DATASET RECORDS ::
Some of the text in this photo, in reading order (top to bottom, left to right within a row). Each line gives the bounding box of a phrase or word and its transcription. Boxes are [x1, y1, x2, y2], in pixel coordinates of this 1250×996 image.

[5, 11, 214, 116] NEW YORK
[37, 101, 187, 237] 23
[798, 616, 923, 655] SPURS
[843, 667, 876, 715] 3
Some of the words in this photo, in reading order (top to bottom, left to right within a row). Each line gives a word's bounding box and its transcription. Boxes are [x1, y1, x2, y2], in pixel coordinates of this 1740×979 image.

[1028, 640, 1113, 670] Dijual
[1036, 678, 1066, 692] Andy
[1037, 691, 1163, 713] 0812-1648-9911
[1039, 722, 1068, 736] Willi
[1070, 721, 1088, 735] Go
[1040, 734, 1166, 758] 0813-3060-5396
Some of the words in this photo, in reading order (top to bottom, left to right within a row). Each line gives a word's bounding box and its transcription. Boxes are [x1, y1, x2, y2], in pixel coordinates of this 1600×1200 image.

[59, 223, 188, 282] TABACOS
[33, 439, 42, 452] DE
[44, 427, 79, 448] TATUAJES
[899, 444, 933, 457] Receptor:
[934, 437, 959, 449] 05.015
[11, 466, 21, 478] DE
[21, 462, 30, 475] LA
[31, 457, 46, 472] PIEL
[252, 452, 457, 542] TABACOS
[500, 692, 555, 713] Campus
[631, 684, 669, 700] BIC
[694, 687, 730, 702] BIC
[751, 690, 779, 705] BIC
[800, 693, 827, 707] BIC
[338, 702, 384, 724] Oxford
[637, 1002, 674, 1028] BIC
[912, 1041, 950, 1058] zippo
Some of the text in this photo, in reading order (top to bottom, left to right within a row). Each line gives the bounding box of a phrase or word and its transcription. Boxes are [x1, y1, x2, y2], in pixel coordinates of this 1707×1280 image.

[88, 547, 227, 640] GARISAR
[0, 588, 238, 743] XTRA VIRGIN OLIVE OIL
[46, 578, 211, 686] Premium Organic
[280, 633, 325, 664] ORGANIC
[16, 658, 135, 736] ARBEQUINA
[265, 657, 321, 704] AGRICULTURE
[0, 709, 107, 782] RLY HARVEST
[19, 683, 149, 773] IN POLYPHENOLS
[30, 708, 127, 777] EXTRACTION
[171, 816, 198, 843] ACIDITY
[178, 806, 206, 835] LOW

AIM OF THE TASK :: Reproduce the records above with every character intact.

TASK SOLUTION ::
Some of the text in this photo, in reading order (top to bottom, left to right within a row). Each line gives the bounding box of a phrase or word and its transcription. Boxes are [x1, y1, x2, y2], in pixel coordinates of this 1250×996 image.

[5, 11, 214, 116] NEW YORK
[37, 101, 187, 237] 23
[798, 616, 923, 655] SPURS
[843, 667, 876, 715] 3
Some of the words in this photo, in reading order (top to bottom, left to right within a row). Each line gives a word's bounding box and its transcription. Boxes are [x1, y1, x2, y2], in pixel coordinates of this 1740×979 image.

[1028, 640, 1113, 670] Dijual
[1036, 678, 1066, 692] Andy
[1037, 691, 1163, 713] 0812-1648-9911
[1039, 722, 1068, 736] Willi
[1070, 721, 1088, 735] Go
[1040, 734, 1166, 758] 0813-3060-5396
Some of the words in this photo, in reading order (top to bottom, left to right within a row). Each line gives a word's bounding box and its transcription. Boxes are [x1, y1, x2, y2], in pixel coordinates of this 1600×1200 image.

[59, 223, 188, 282] TABACOS
[33, 439, 42, 452] DE
[44, 427, 79, 448] TATUAJES
[899, 444, 933, 457] Receptor:
[934, 437, 959, 449] 05.015
[11, 466, 21, 478] DE
[21, 462, 30, 475] LA
[31, 457, 46, 472] PIEL
[252, 452, 457, 542] TABACOS
[500, 692, 555, 713] Campus
[631, 684, 669, 700] BIC
[694, 687, 730, 702] BIC
[751, 690, 779, 705] BIC
[800, 693, 827, 707] BIC
[338, 702, 384, 724] Oxford
[637, 1002, 674, 1028] BIC
[912, 1041, 950, 1058] zippo
Some of the text in this photo, in reading order (top to bottom, left to right within a row). Each line gives the bounding box of a phrase or word and its transcription. Boxes are [x1, y1, x2, y2], in pixel coordinates of this 1707×1280 image.

[88, 547, 227, 640] GARISAR
[0, 588, 238, 743] XTRA VIRGIN OLIVE OIL
[46, 578, 211, 686] Premium Organic
[280, 633, 325, 664] ORGANIC
[16, 658, 135, 736] ARBEQUINA
[265, 657, 321, 704] AGRICULTURE
[0, 709, 107, 782] RLY HARVEST
[19, 683, 149, 773] IN POLYPHENOLS
[30, 708, 127, 777] EXTRACTION
[171, 816, 198, 843] ACIDITY
[178, 806, 206, 835] LOW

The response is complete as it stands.